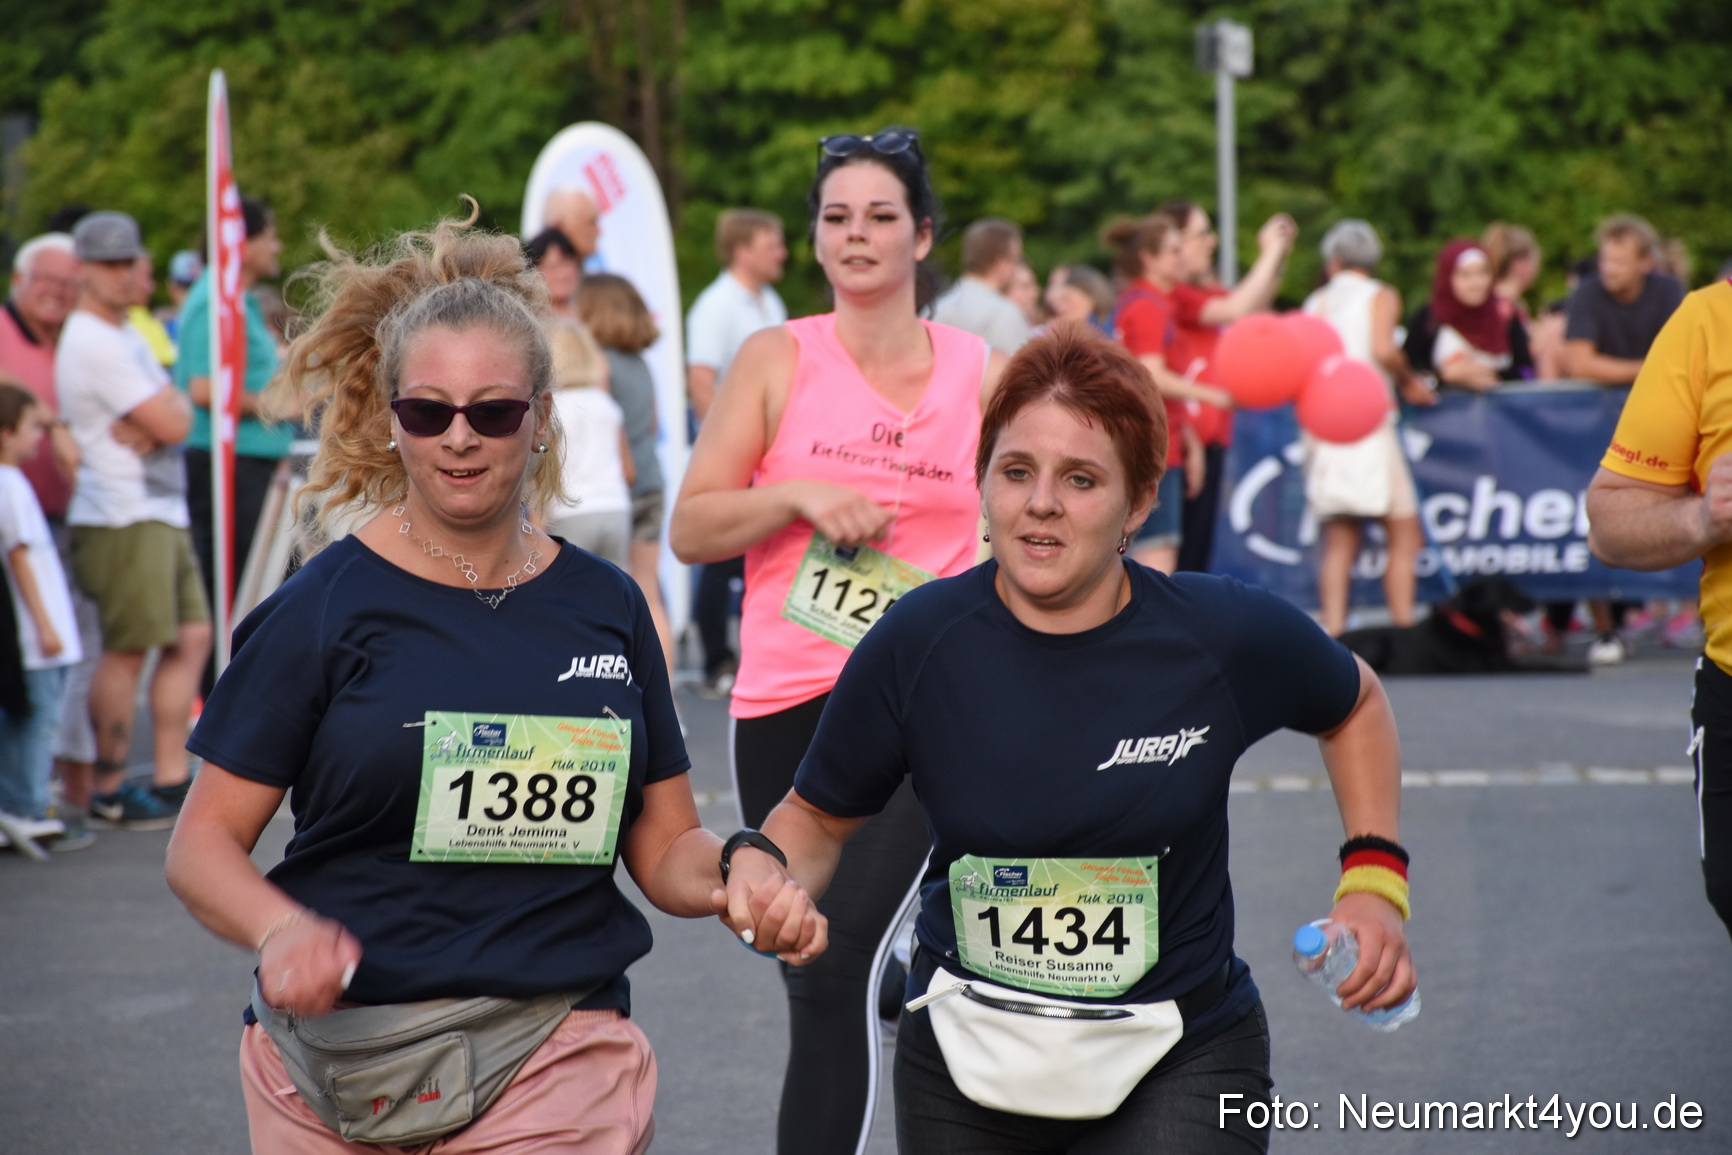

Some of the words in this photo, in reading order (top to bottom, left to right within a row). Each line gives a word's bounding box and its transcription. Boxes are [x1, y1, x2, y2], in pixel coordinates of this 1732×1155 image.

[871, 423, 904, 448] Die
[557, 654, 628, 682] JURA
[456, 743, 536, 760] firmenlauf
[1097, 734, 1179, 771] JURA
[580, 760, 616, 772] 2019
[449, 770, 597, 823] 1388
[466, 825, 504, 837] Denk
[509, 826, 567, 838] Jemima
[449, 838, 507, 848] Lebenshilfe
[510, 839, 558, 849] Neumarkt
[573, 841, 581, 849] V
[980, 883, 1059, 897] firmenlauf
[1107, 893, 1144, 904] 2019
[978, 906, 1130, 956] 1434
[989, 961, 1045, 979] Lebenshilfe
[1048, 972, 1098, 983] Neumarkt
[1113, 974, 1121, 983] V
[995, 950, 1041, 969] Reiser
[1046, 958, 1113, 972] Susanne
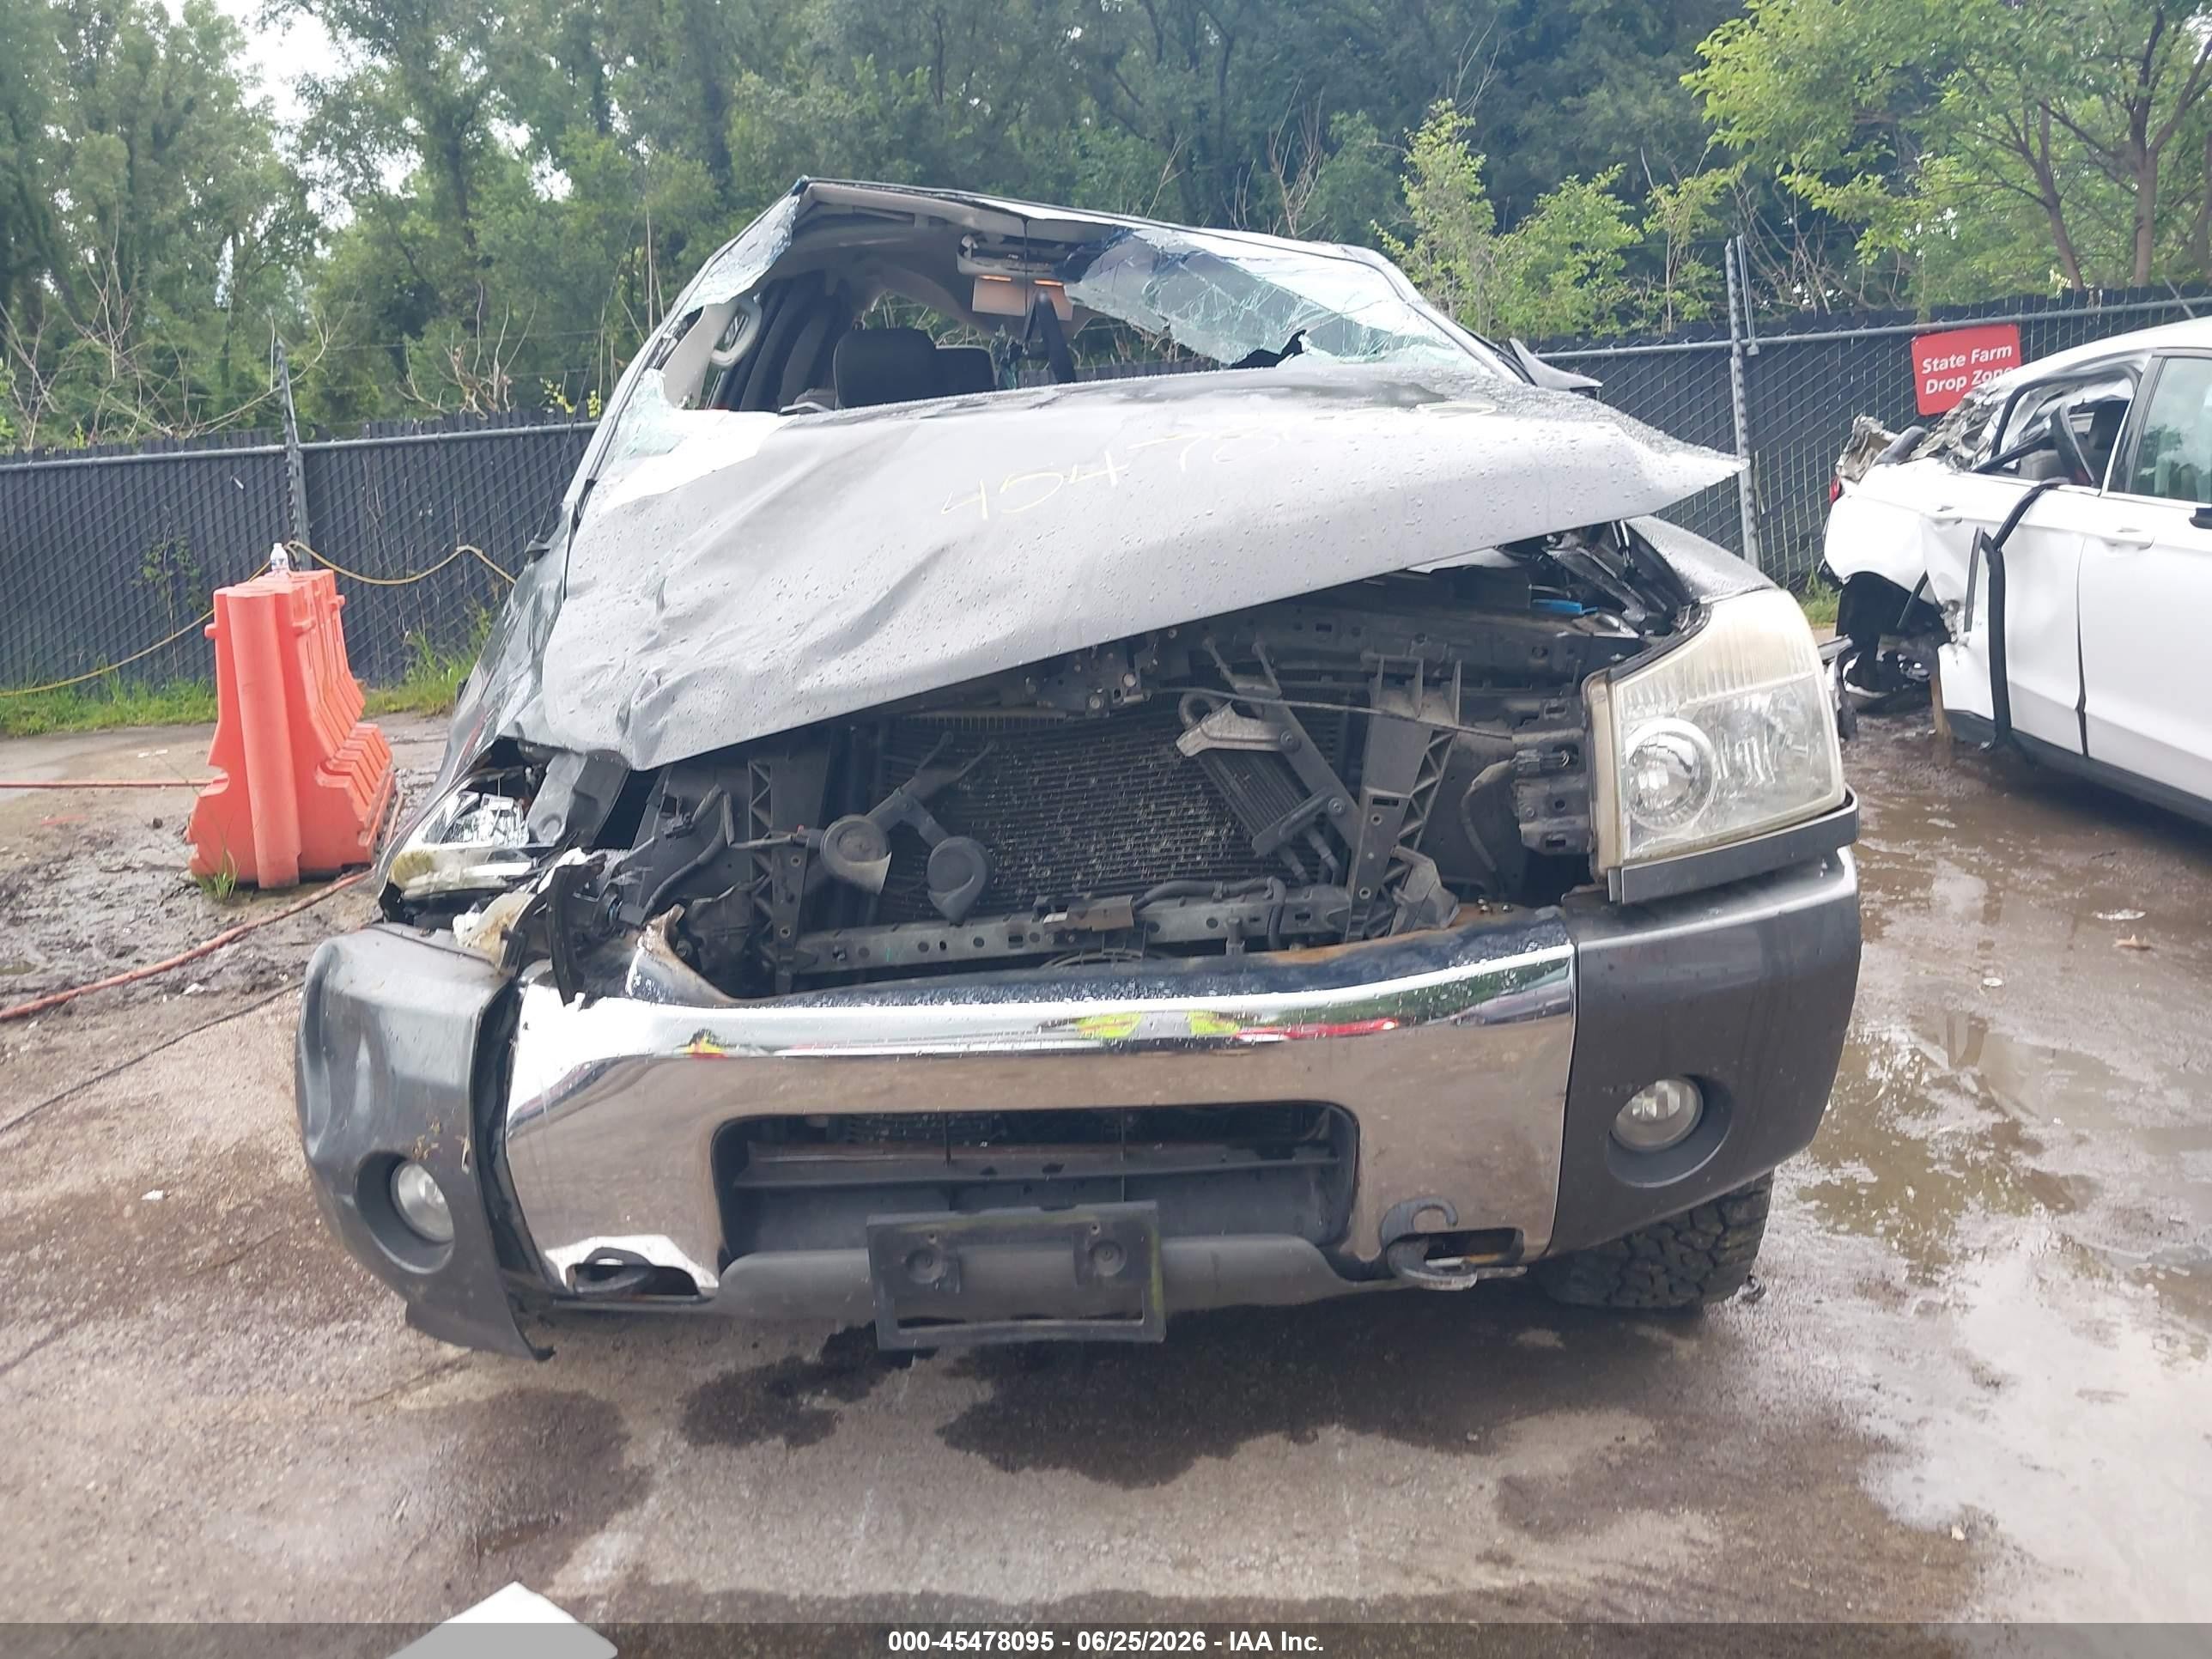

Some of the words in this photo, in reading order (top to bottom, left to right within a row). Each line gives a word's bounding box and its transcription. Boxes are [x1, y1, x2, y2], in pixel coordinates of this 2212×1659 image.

* * *

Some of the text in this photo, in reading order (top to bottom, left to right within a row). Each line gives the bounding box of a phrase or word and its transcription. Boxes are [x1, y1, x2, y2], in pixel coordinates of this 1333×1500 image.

- YOUR TASK: Reproduce exactly the lines above that run from the one with "this 1732×1155 image." to the one with "this 2212×1659 image.", both included, leaving pictures out.

- RESULT OF THE EXERCISE:
Some of the words in this photo, in reading order (top to bottom, left to right within a row). Each line gives a word's bounding box and its transcription. Boxes are [x1, y1, x2, y2], in pixel coordinates of this 1732×1155 image.

[871, 423, 904, 448] Die
[557, 654, 628, 682] JURA
[456, 743, 536, 760] firmenlauf
[1097, 734, 1179, 771] JURA
[580, 760, 616, 772] 2019
[449, 770, 597, 823] 1388
[466, 825, 504, 837] Denk
[509, 826, 567, 838] Jemima
[449, 838, 507, 848] Lebenshilfe
[510, 839, 558, 849] Neumarkt
[573, 841, 581, 849] V
[980, 883, 1059, 897] firmenlauf
[1107, 893, 1144, 904] 2019
[978, 906, 1130, 956] 1434
[989, 961, 1045, 979] Lebenshilfe
[1048, 972, 1098, 983] Neumarkt
[1113, 974, 1121, 983] V
[995, 950, 1041, 969] Reiser
[1046, 958, 1113, 972] Susanne

Some of the words in this photo, in reading order (top to bottom, left to right within a row). Each line gives a word's bounding box and its transcription. Boxes are [x1, y1, x2, y2], in pixel coordinates of this 2212×1659 image.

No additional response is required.